In the 2021-22 school year, 62 percent of the students who applied for financial aid at the University received need-based financial assistance.

It can be challenging for new students to find information about financial aid on their own, but Erica Corini, the associate director for communications and outreach at the Office of Scholarships and Student Aid, said there are financial aid resources available for students to understand the aid they receive.

“The most important thing for us is our office is really dedicated to affordability and helping students — so not being afraid or scared by us, we're here to help students,” she said.

Corini said she recommended using the financial aid budgeting calculator on the office’s website to understand how aid will be applied for students' individual needs.

The calculator allows students to customize their meal plans, housing choices and the scholarships and loans they received to better understand the cost of attending UNC.

Isaac Hwang, a junior majoring in biology and chemistry, is on the Student Advisory Council for the Office of Scholarship and Student Aid and was one of the first students to test the budget calculator.

The council works directly with the financial aid office to implement student perspectives and process student perspectives on decisions made in the office.

Hwang also received a work-study program — where he does research on campus — as part of his financial aid package. Work-study programs allow students to earn money for college expenses by working part-time on campus or at selected community service agencies.

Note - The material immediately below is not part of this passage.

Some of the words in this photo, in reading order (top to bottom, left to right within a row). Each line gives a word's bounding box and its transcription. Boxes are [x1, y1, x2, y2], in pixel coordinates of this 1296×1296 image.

“I found it a good resource to get involved in research very quickly,” he said.

Starting July 7, students who receive a work-study program as part of their aid for school can apply for work-study listings on JobX based on their interests, career plans and skills.

Students can also seek out scholarships and funding from individual organizations — considered departmental funding — for scholarships specific to their major or identity.

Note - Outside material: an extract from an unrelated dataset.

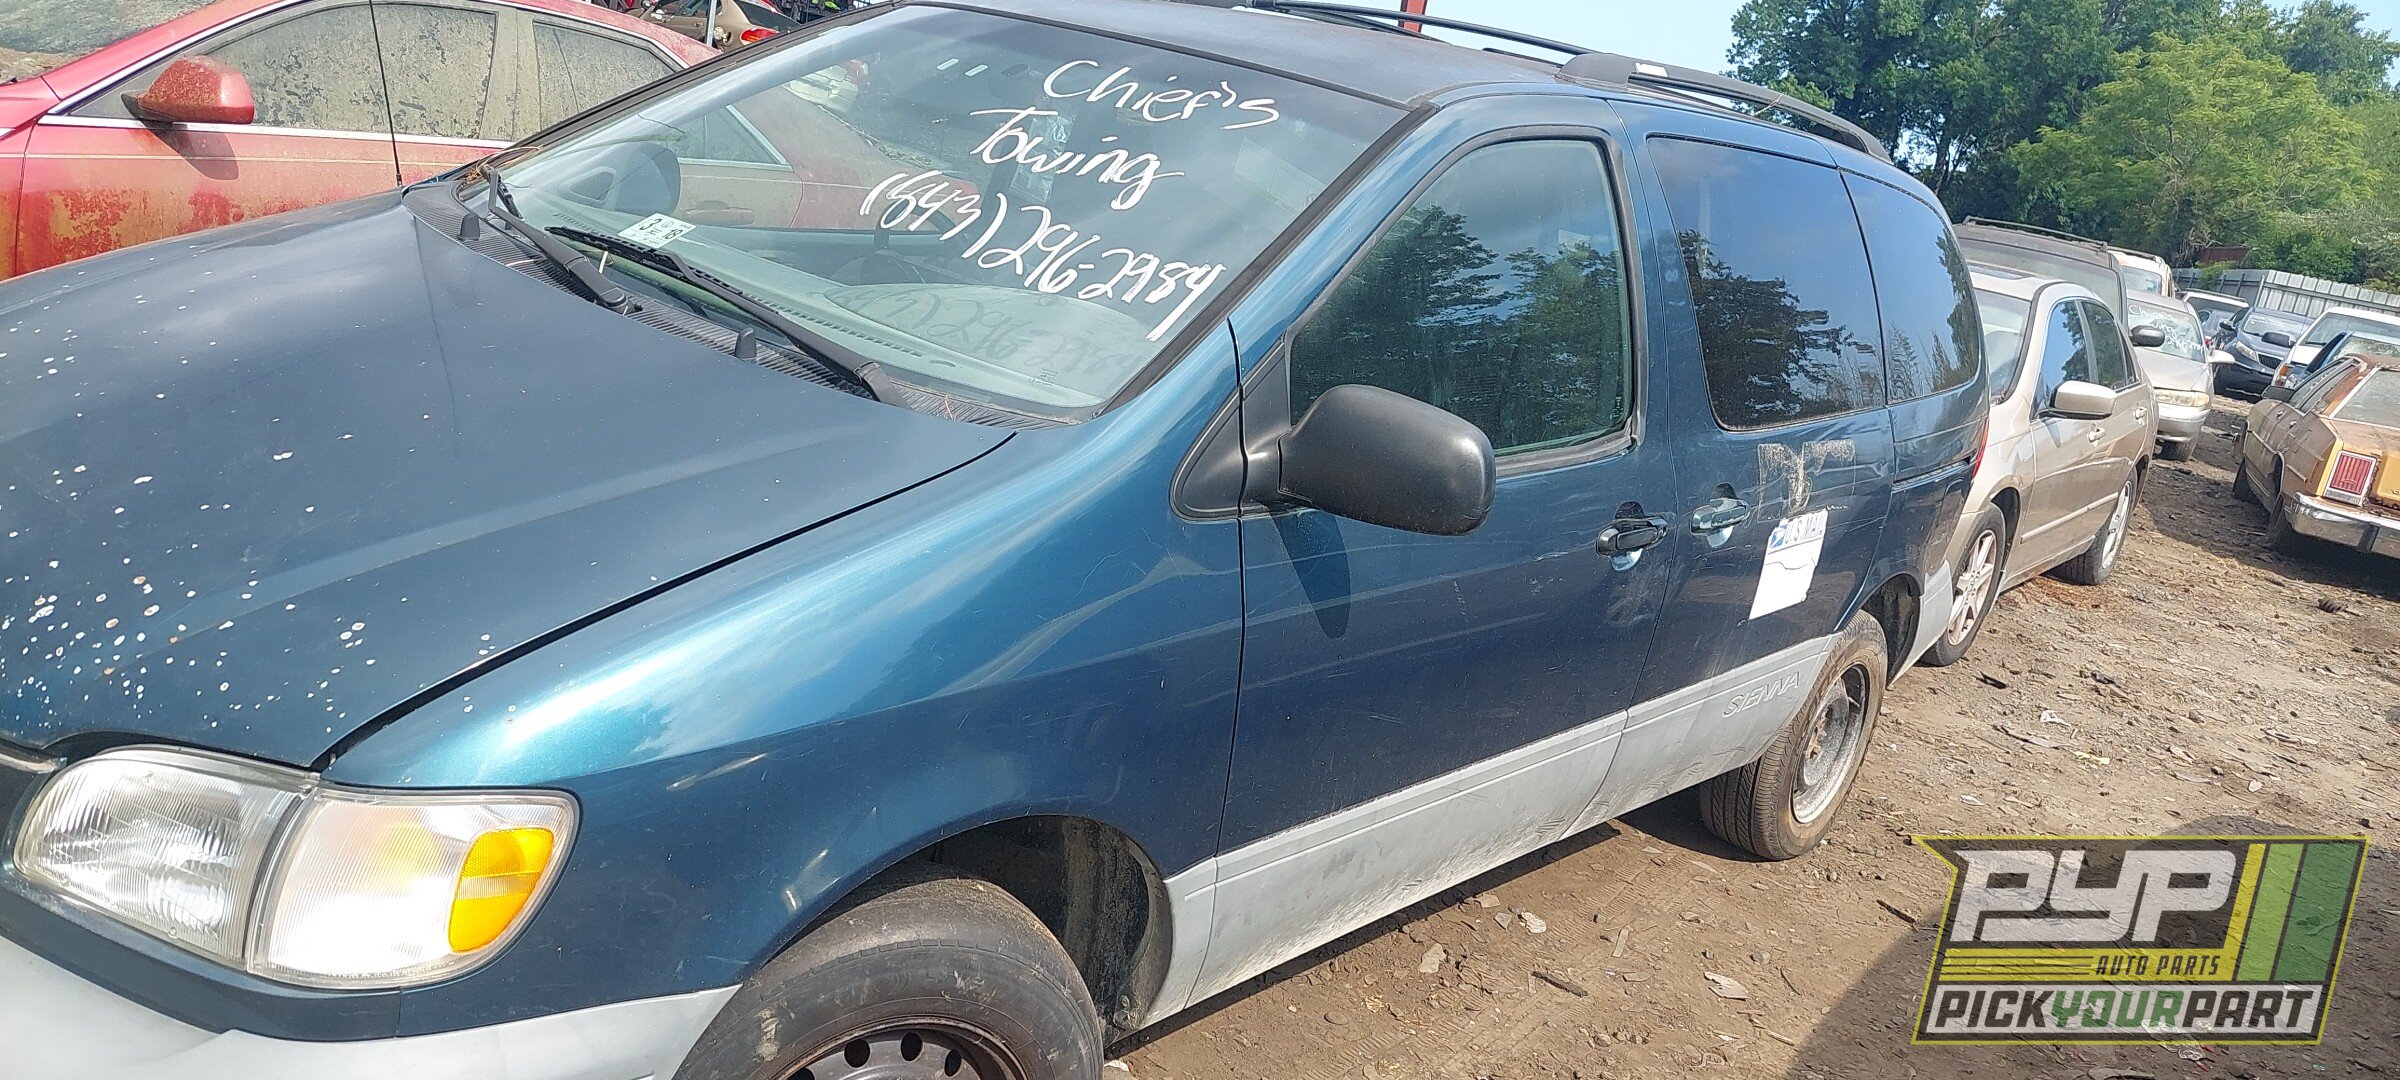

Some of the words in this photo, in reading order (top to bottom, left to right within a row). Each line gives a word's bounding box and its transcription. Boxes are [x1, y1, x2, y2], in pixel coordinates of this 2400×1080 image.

[1043, 60, 1280, 130] Chief's
[969, 106, 1185, 210] Towing
[1721, 671, 1800, 718] SIENNA

One of the most difficult parts of applying for aid for Hwang was navigating the Free Application for Federal Student Aid, commonly known as FAFSA. He recommended students complete an application for aid as early as possible to ensure that it can be done within the deadline — which was June 30 this year.

Corini said that meeting deadlines for aid is an important aspect of the financial aid process. Students can find a detailed list of the financial aid deadlines on the Office for Scholarships and Student Aid website or on the "Financial Aid To Do” list in ConnectCarolina.

Some of the financial aid resources offered through the Office of Scholarships and Student Aid are geared toward specific student demographics, such as the Carolina Covenant Scholars package.

Students who receive aid from Carolina Covenant come from families with income at or below 200 percent of the poverty guideline and who meet additional economic criteria. These students are helped financially and are also given the opportunity to connect with mentors.

Peter Said, a medical school student who was a Carolina Covenant Scholar as an undergraduate at UNC, is now a Covenant mentor.

He said that the program connected him to resources and mentors who supported him through his time as a UNC undergraduate.

“The best thing about UNC that I experienced is that I never had a question and felt it went unanswered,” he said.

Said, a first-generation student and immigrant, said that programs like the Carolina Covenant and the Carolina Student Transfer Excellence Program, which provides students with the opportunity to transfer from community colleges and graduate from UNC, made him feel at home at UNC and pushed him to "excel and thrive."

By working as a mentor for students, Said said he wants to offer the help he received as a student.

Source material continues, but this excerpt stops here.